## Prompt:
Transcribe the records below word for word, leaving every picture out.

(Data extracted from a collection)
▼
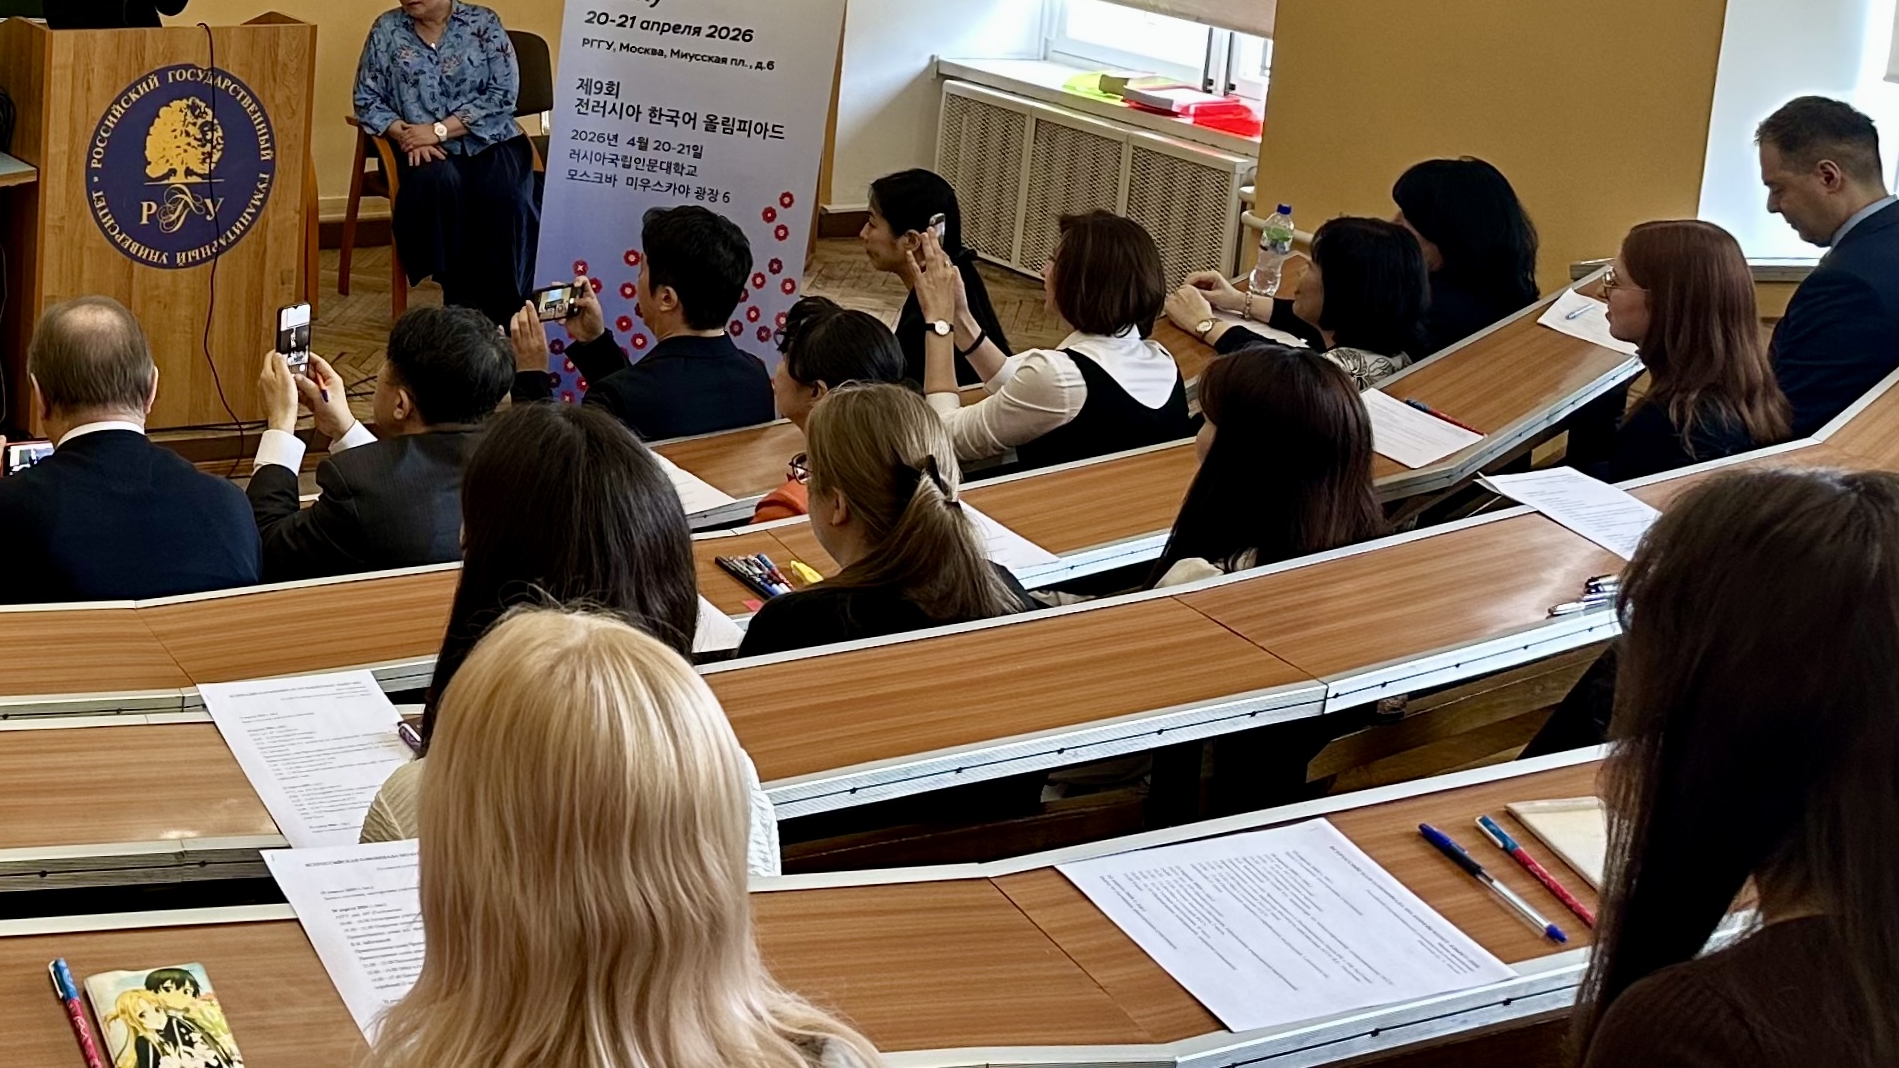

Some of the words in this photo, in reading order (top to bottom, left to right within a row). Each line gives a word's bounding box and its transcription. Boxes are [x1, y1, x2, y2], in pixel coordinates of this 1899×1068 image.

[584, 10, 636, 29] 20-21
[640, 19, 702, 36] апреля
[705, 24, 754, 43] 2026
[582, 37, 616, 52] РГГУ,
[619, 42, 667, 58] Москва,
[670, 48, 727, 65] Миусская
[755, 60, 775, 71] д.6
[576, 77, 620, 99] 제9회
[90, 75, 160, 169] РОССИЙСКИЙ
[167, 68, 274, 161] ГОСУДАРСТВЕННЫЙ
[575, 97, 642, 122] 전러시아
[648, 106, 698, 130] 한국어
[703, 114, 785, 140] 올림피아드
[570, 129, 619, 148] 2026년
[626, 136, 649, 152] 4월
[653, 140, 704, 159] 20-21일
[569, 149, 698, 178] 러시아국립인문대학교
[566, 168, 617, 187] 모스크바
[626, 175, 691, 199] 미우스카야
[694, 186, 720, 203] 광장
[722, 191, 730, 203] 6
[92, 190, 169, 264] УНИВЕРСИТЕТ
[176, 173, 270, 266] ГУМАНИТАРНЫЙ
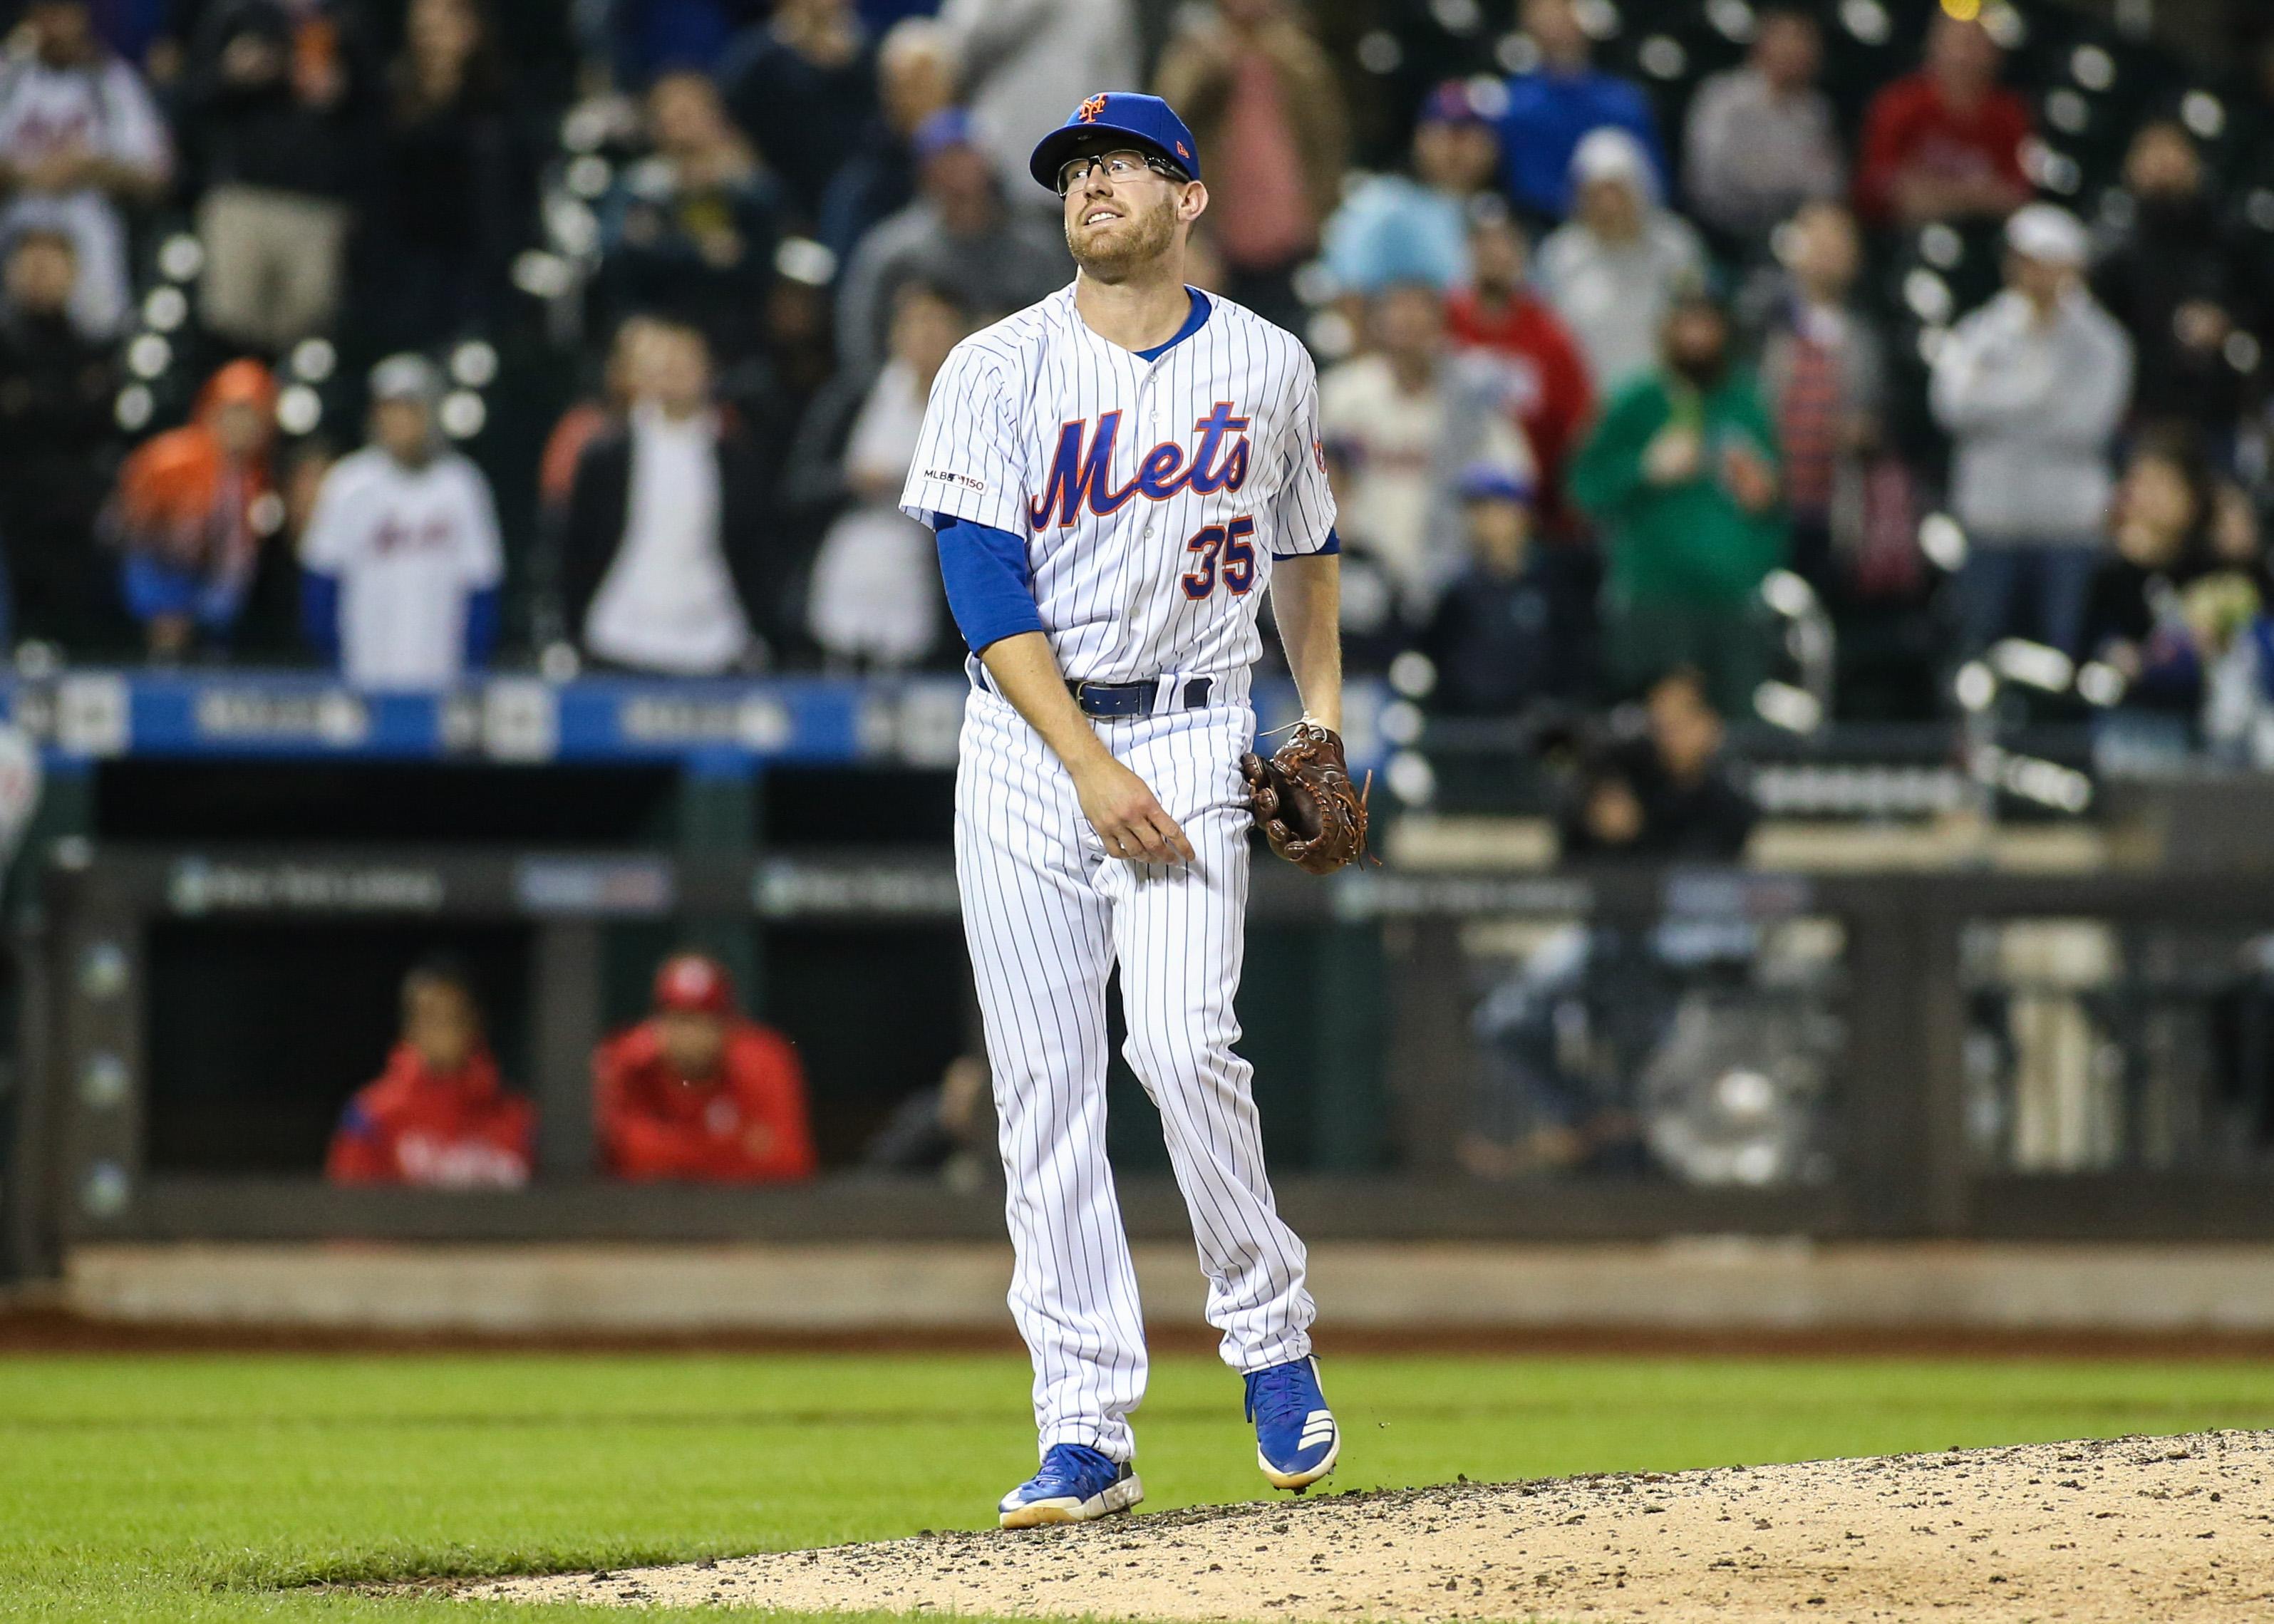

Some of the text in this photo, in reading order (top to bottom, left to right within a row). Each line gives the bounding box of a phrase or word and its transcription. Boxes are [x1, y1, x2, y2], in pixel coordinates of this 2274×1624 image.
▲
## Completed task:
Some of the words in this photo, in reading order (top to bottom, left to right within a row). Each line gives a word's bounding box and its transcription. Boxes are [x1, y1, x2, y2], in pixel coordinates of this 1899×1068 image.

[584, 10, 636, 29] 20-21
[640, 19, 702, 36] апреля
[705, 24, 754, 43] 2026
[582, 37, 616, 52] РГГУ,
[619, 42, 667, 58] Москва,
[670, 48, 727, 65] Миусская
[755, 60, 775, 71] д.6
[576, 77, 620, 99] 제9회
[90, 75, 160, 169] РОССИЙСКИЙ
[167, 68, 274, 161] ГОСУДАРСТВЕННЫЙ
[575, 97, 642, 122] 전러시아
[648, 106, 698, 130] 한국어
[703, 114, 785, 140] 올림피아드
[570, 129, 619, 148] 2026년
[626, 136, 649, 152] 4월
[653, 140, 704, 159] 20-21일
[569, 149, 698, 178] 러시아국립인문대학교
[566, 168, 617, 187] 모스크바
[626, 175, 691, 199] 미우스카야
[694, 186, 720, 203] 광장
[722, 191, 730, 203] 6
[92, 190, 169, 264] УНИВЕРСИТЕТ
[176, 173, 270, 266] ГУМАНИТАРНЫЙ

Some of the text in this photo, in reading order (top to bottom, left to right within a row). Each line gives the bounding box of a phrase or word and its transcription. Boxes are [x1, y1, x2, y2], in pixel coordinates of this 2274×1624 image.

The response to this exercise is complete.